SOURCE DATA Start Marker
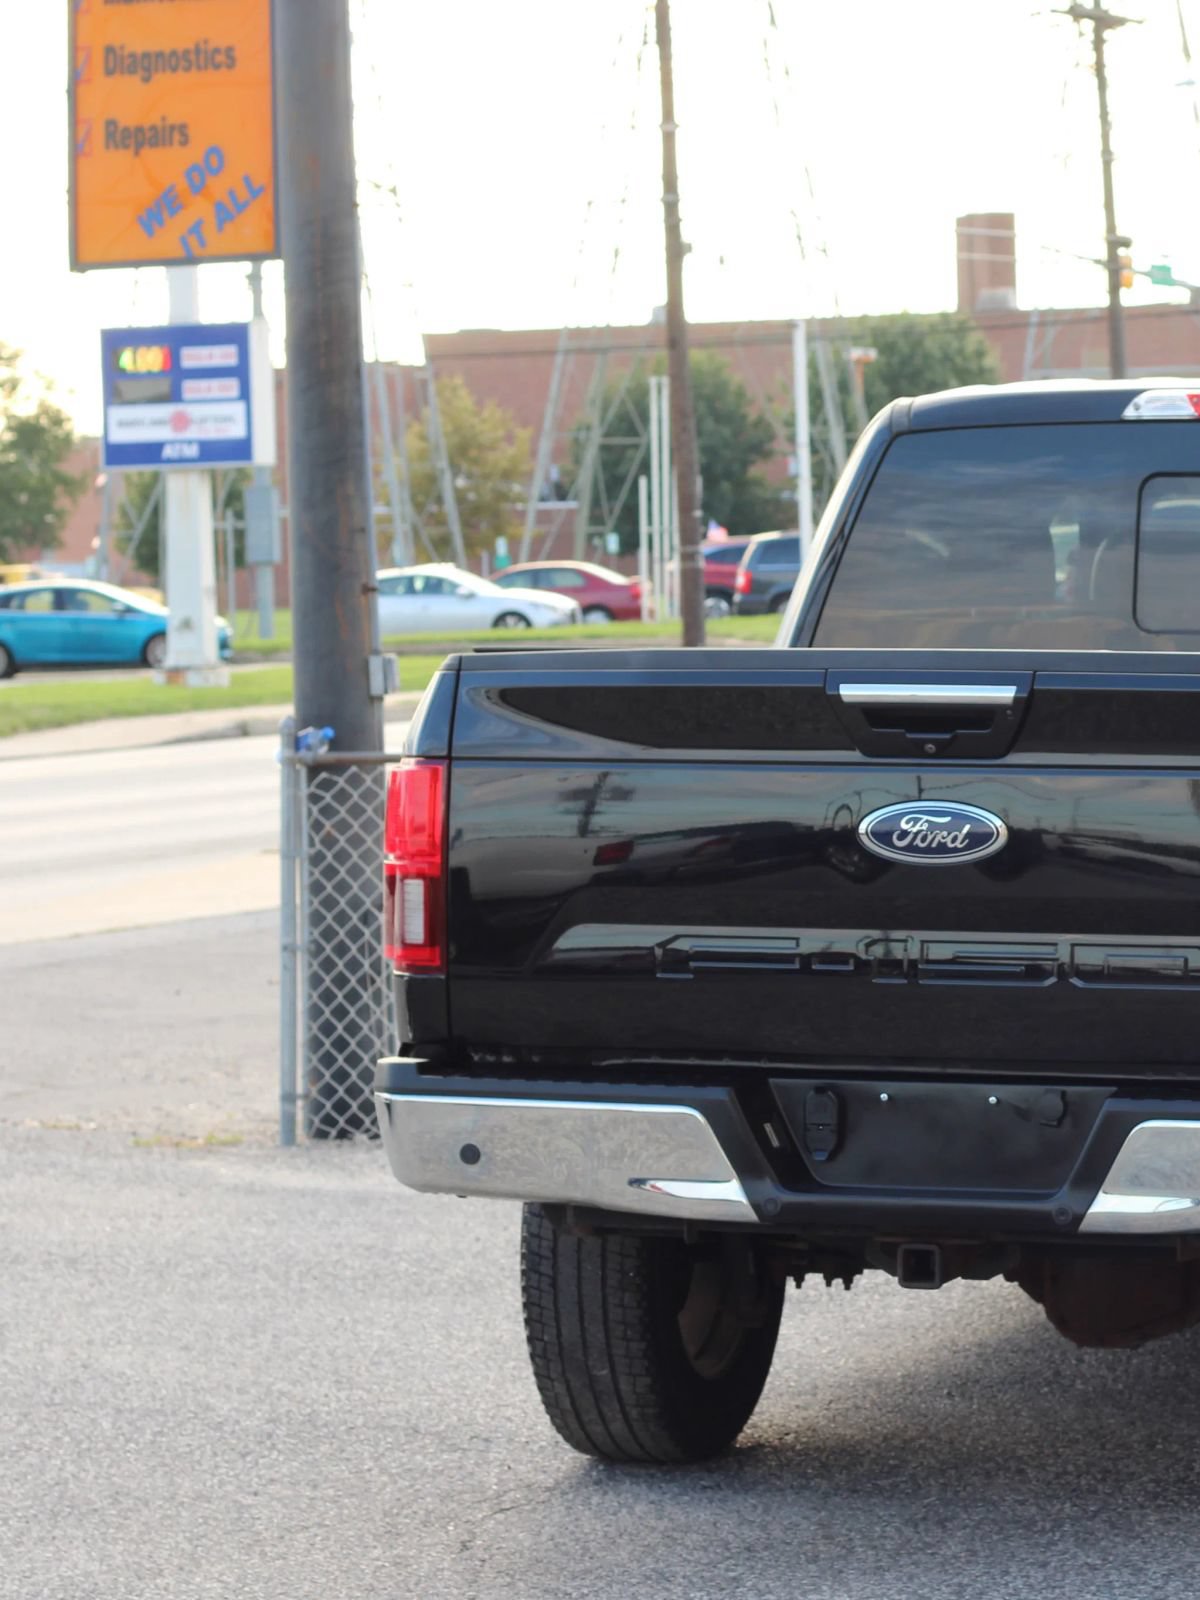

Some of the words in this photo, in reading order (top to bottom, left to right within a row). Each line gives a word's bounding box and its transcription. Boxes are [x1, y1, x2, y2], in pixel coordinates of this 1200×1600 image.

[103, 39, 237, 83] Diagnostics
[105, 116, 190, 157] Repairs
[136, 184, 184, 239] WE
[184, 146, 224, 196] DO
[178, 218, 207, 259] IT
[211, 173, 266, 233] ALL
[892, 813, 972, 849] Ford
SOURCE DATA End Marker
**ASSIGNED TASK**. The reply should hold every line of the records unchanged and no pictures.

**EXERCISE SOLUTION**.
Some of the words in this photo, in reading order (top to bottom, left to right within a row). Each line gives a word's bounding box and its transcription. Boxes are [x1, y1, x2, y2], in pixel coordinates of this 1200×1600 image.

[103, 39, 237, 83] Diagnostics
[105, 116, 190, 157] Repairs
[136, 184, 184, 239] WE
[184, 146, 224, 196] DO
[178, 218, 207, 259] IT
[211, 173, 266, 233] ALL
[892, 813, 972, 849] Ford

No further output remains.